Copyright © 2011 Elsevier Inc. All rights reserved.
Figures
(A, C) Unsupervised hierarchical clustering of tumor samples in 2 clinical datasets using 448 ERRα-regulated probesets. The order of probesets in the Uppsala dataset was fixed to match that in the Rotterdam clustering diagram to reveal common patterns of gene regulation in these two clinical datasets. Hierarchical clustering revealed that the expression pattern of ERRα-regulated genes in clinical samples separates the genes into 4 different clusters (boxed and labeled 1, 2, 3, and 4). (B, D) Relapse-free survival was plotted for patients in the right branch vs. patients in the left branch. Kaplan-Meier curves were generated using GraphPad Prism and p-value was determined by log-rank test. See also Figure S1.

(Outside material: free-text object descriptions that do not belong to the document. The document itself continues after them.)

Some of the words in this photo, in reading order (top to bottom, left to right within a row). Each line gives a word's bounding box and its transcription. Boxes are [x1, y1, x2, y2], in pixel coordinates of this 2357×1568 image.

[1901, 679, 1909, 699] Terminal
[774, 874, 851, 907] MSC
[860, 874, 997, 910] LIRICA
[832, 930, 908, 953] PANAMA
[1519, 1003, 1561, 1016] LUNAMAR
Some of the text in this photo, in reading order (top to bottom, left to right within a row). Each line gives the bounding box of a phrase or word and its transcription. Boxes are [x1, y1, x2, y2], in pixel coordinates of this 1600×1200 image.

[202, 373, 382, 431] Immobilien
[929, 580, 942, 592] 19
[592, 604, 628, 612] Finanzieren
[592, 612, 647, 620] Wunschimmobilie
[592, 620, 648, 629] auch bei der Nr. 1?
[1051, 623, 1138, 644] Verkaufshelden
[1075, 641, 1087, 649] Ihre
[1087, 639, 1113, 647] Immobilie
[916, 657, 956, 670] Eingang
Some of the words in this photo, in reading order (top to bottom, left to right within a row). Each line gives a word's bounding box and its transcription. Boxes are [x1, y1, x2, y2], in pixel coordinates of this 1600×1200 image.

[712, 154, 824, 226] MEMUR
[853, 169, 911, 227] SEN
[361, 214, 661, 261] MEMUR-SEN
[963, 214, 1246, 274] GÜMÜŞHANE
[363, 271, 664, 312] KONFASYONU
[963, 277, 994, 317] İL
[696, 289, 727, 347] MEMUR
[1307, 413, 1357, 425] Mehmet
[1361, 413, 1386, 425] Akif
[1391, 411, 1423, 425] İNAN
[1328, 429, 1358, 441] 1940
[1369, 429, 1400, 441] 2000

“Low ERR” and “High ERR” groups represent tumor samples with the posterior probability of ERRα activation lower than the mean and higher than the mean for that dataset. Significance was determined by log-rank test. The predictability of cluster 3 ERRα classifier was validated in two independent datasets (Figure S2). See also Table S1 and S2.
Seventeen breast cancer cell lines with predicted high, medium, and low levels of ERRα activity were treated with an ERRα antagonist XCT790 and their growth inhibitory responses (% inhibition) to these compounds were plotted against the ERRα activity (average med p) of each cell line predicted using gene expression data derived from each cluster defined in Figure 1. Linear regression and p-values were determined using the GraphPad Prism software. The percent inhibition was presented as mean +/− SEM from four independent experiments. See also Table S3, S4 and Figure S3.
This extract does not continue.